(PROBLEM STATEMENT):
The word "EKSPONAT" marks the lines to keep; find each one in the data and copy it.

(PROVIDED DATA):
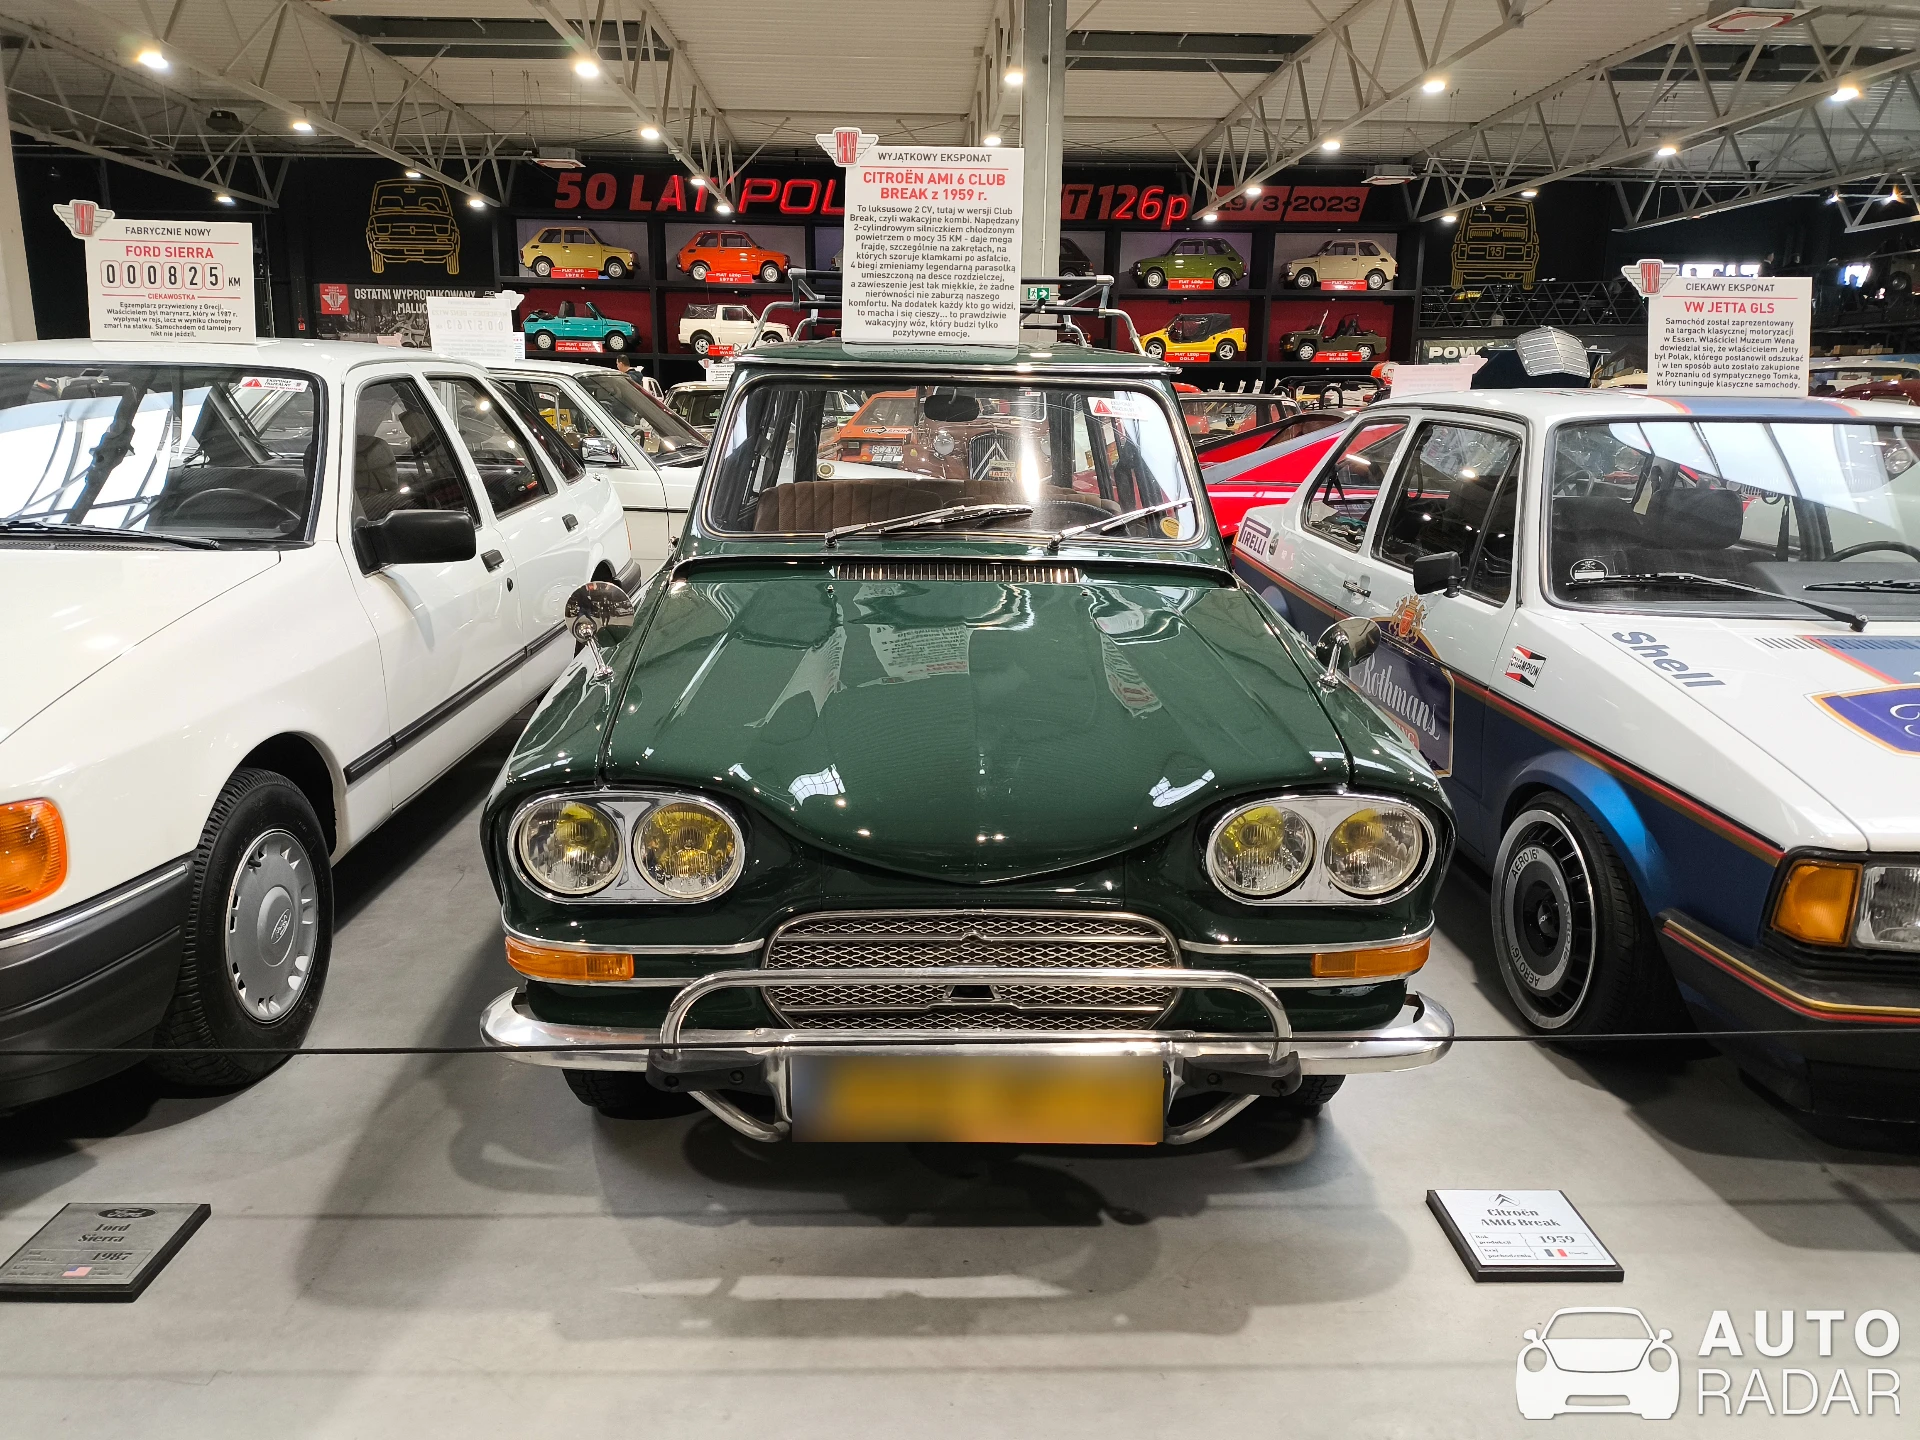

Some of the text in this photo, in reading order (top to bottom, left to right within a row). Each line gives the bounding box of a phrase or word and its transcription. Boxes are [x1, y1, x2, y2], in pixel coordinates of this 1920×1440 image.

[878, 152, 992, 163] WYJĄTKOWY EKSPONAT
[863, 169, 924, 184] CITROËN
[927, 173, 953, 185] AMI
[968, 173, 1006, 186] CLUB
[554, 172, 617, 211] 50
[880, 187, 928, 200] BREAK
[943, 188, 974, 201] 1959
[978, 192, 987, 201] r.
[857, 204, 866, 212] To
[868, 205, 912, 213] luksusowe
[922, 206, 934, 214] CV,
[937, 207, 956, 215] tutaj
[966, 206, 992, 216] wersji
[994, 207, 1012, 215] Club
[1098, 185, 1192, 230] 126p
[850, 214, 1020, 226] Break, czyli wakacyjne kombi. Napędzany
[125, 226, 211, 236] FABRYCZNIE NOWY
[854, 223, 1014, 235] 2-cylindrowym silniczkiem chłodzonym
[856, 233, 904, 242] powietrzem
[937, 234, 946, 242] 35
[970, 235, 988, 244] daje
[990, 234, 1012, 245] mega
[126, 245, 214, 258] FORD SIERRA
[861, 242, 888, 252] frajdę,
[890, 242, 938, 253] szczególnie
[952, 244, 994, 254] zakrętach,
[856, 251, 1010, 263] których szoruje klamkami po asfalcie.
[858, 261, 878, 270] biegi
[879, 261, 924, 272] zmieniamy
[926, 263, 972, 272] legendarną
[974, 264, 1016, 273] parasolką
[228, 277, 241, 287] KM
[861, 270, 914, 281] umieszczoną
[928, 272, 952, 280] desce
[954, 272, 1004, 282] rozdzielczej,
[1686, 283, 1775, 292] CIEKAWY EKSPONAT
[354, 288, 391, 300] OSTATNI
[866, 289, 914, 298] nierówności
[931, 290, 964, 300] zaburzą
[966, 293, 1000, 301] naszego
[1684, 301, 1774, 314] VW JETTA GLS
[868, 309, 894, 317] macha
[900, 310, 912, 319] się
[914, 310, 948, 320] cieszy...
[960, 311, 1006, 320] prawdziwie
[864, 318, 998, 330] wakacyjny wóz, który budzi tylko
[1666, 317, 1794, 328] Samochód został zaprezentowany
[892, 329, 970, 339] pozytywne emocje.
[1676, 327, 1706, 335] targach
[1708, 328, 1747, 336] klasycznej
[1750, 327, 1794, 337] motoryzacji
[1740, 336, 1772, 344] Muzeum
[1429, 346, 1482, 359] POW
[1660, 344, 1700, 352] dowiedział
[1728, 345, 1778, 353] właścicielem
[1780, 346, 1798, 354] Jetty
[1654, 353, 1666, 361] był
[1694, 353, 1723, 362] którego
[1725, 354, 1766, 363] postanowił
[1768, 354, 1804, 362] odszukać
[1684, 361, 1712, 371] sposób
[1760, 363, 1800, 372] zakupione
[1665, 370, 1700, 378] Poznaniu
[1712, 372, 1771, 380] sympatycznego
[1656, 379, 1676, 388] który
[1678, 380, 1714, 388] tuninguje
[1716, 380, 1754, 389] klasyczne
[1238, 516, 1271, 556] PIRELLI
[1611, 630, 1727, 688] Shell
[1510, 655, 1540, 678] CHAMPION
[1358, 652, 1441, 741] Rothmans
[1487, 1207, 1539, 1217] Citroën
[94, 1223, 131, 1232] Ford
[1517, 1219, 1561, 1227] Break
[77, 1234, 125, 1243] Sierra
[1539, 1235, 1576, 1244] 1959
[91, 1252, 133, 1261] 1987

(OUTPUT):
[878, 152, 992, 163] WYJĄTKOWY EKSPONAT
[1686, 283, 1775, 292] CIEKAWY EKSPONAT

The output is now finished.